Electrician Mac Robertson, while working at Bacon's west London studio in 1978, persuaded the artist to let him keep a host of material earmarked for the skip.

The discarded paintings, diaries, photographs, cheque stubs and other clutter fetched 965,490 pounds ($1.93 million) at auction on Tuesday.

Several of the 45 lots sold went well over their estimated price at the small Ewbank fine art auction house in Woking, southwest of London.

The most expensive work, an untitled portrait listed at 12,000-18,000 pounds, sold for 400,000 pounds to a telephone bidder.

A painting of a reclining dog, estimated at 2,000-3,000 pounds, sold for 260,000 pounds.

Some paintings had holes in them, while some of the diaires were blank.

"Bacon was renowned for self-editing his work and if he wasn't satisfied, he would cut out the parts he didn't like.
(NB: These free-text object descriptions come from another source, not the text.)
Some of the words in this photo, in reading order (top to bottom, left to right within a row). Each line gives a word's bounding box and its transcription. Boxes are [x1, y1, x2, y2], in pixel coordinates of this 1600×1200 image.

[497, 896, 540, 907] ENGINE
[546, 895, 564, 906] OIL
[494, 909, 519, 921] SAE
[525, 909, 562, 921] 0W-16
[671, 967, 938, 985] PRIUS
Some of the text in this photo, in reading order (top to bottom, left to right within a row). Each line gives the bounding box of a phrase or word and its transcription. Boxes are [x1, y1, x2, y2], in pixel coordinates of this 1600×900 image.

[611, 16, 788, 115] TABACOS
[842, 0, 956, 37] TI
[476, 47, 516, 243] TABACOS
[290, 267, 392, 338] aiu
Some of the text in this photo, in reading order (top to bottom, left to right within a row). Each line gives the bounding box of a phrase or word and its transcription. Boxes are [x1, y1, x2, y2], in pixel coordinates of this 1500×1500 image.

Sometimes it would be a chin or an ear," said Chris Proudlove, on behalf of Ewbank.

"There have been few, if any, auctions of the kind of the material in this archive, so we had no precedence on which to base estimates," he added.

Bacon, who ran a famously chaotic studio, threatened to throw all the items in a skip, but allowed Robertson to take some of it.

"He filled three bin bags," Proudlove said.